━━ SUPPLIED RECORDS
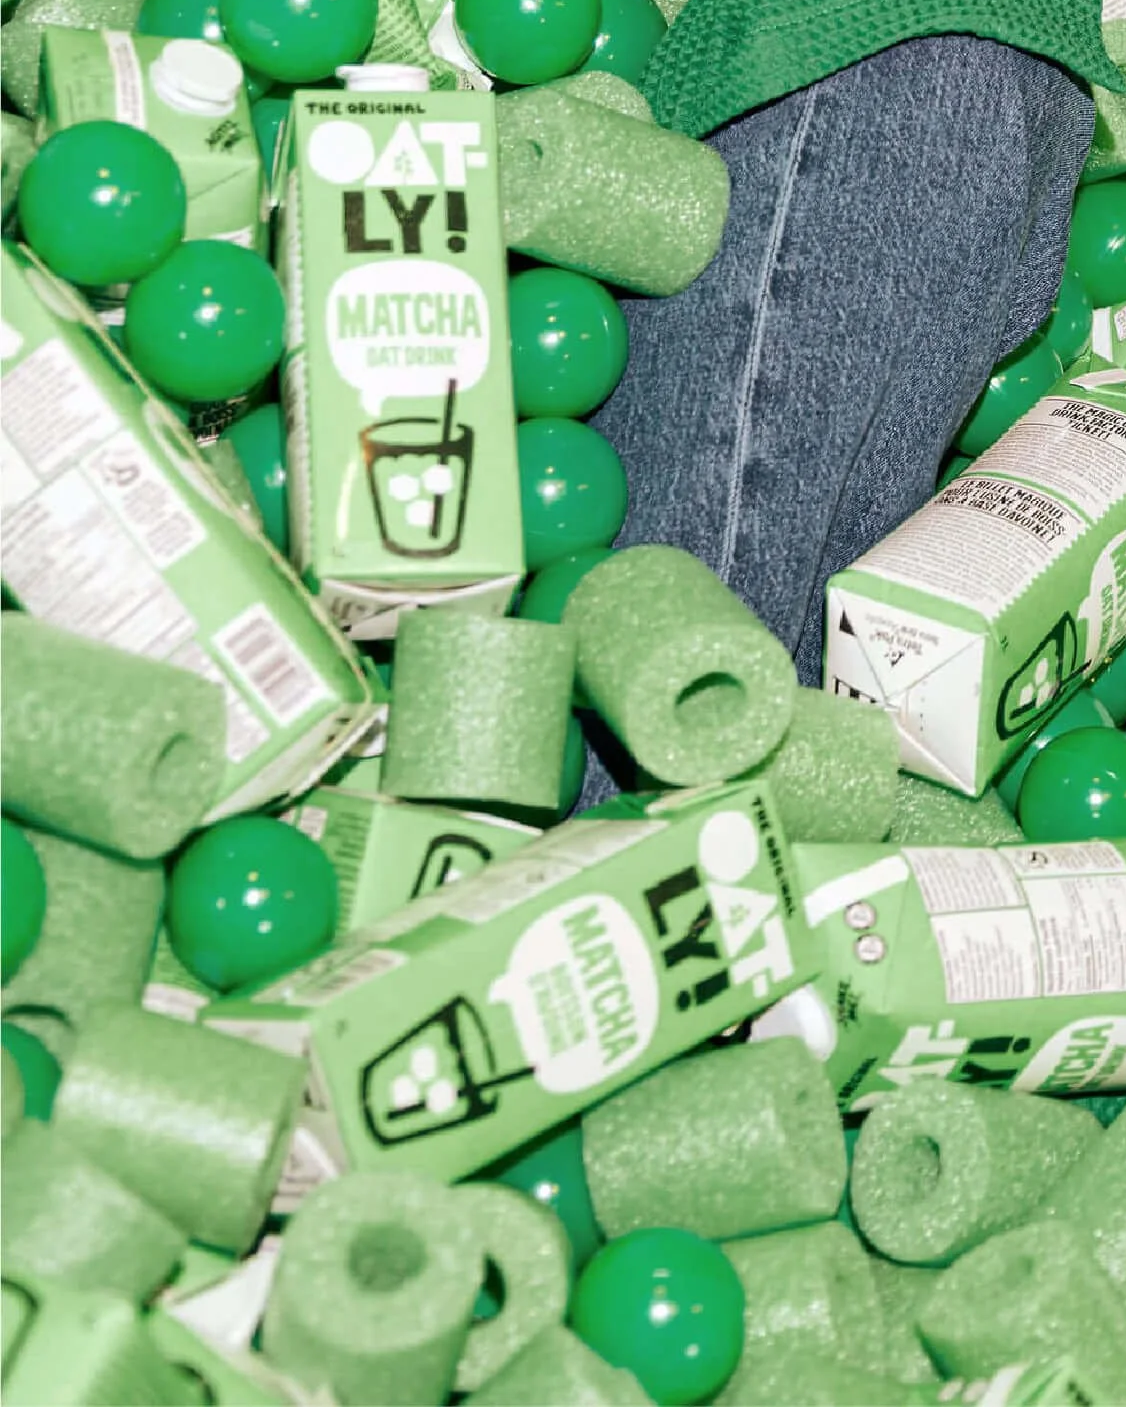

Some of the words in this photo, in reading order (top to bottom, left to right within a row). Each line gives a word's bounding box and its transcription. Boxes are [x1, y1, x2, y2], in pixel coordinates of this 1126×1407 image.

[305, 102, 341, 115] THE
[347, 101, 427, 115] ORIGINAL
[342, 187, 468, 254] LY!
[337, 293, 482, 339] MATCHA
[365, 345, 400, 368] OAT
[405, 345, 457, 367] DRINK
[1063, 401, 1084, 413] THE
[1085, 407, 1124, 426] MAGIC
[752, 795, 771, 835] THE
[644, 865, 730, 1013] LY!
[561, 904, 638, 1066] MATCHA
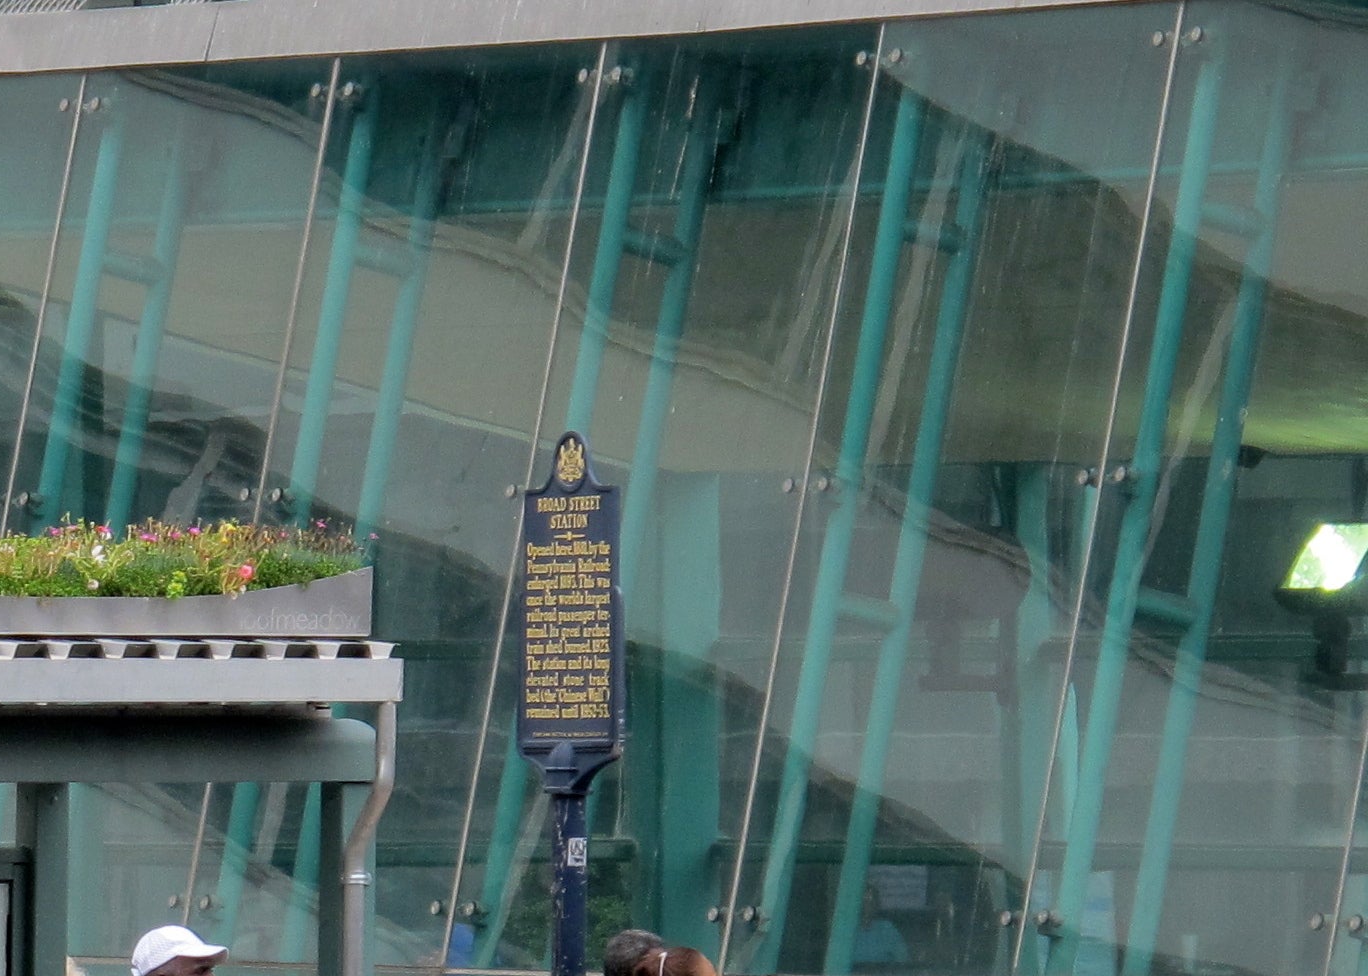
━━━━
Set down the data again, exactly, without images.

Some of the words in this photo, in reading order (top to bottom, left to right within a row). Each line gives a word's bounding box and its transcription. Boxes are [x1, y1, x2, y2], in pixel coordinates of this 1126×1407 image.

[305, 102, 341, 115] THE
[347, 101, 427, 115] ORIGINAL
[342, 187, 468, 254] LY!
[337, 293, 482, 339] MATCHA
[365, 345, 400, 368] OAT
[405, 345, 457, 367] DRINK
[1063, 401, 1084, 413] THE
[1085, 407, 1124, 426] MAGIC
[752, 795, 771, 835] THE
[644, 865, 730, 1013] LY!
[561, 904, 638, 1066] MATCHA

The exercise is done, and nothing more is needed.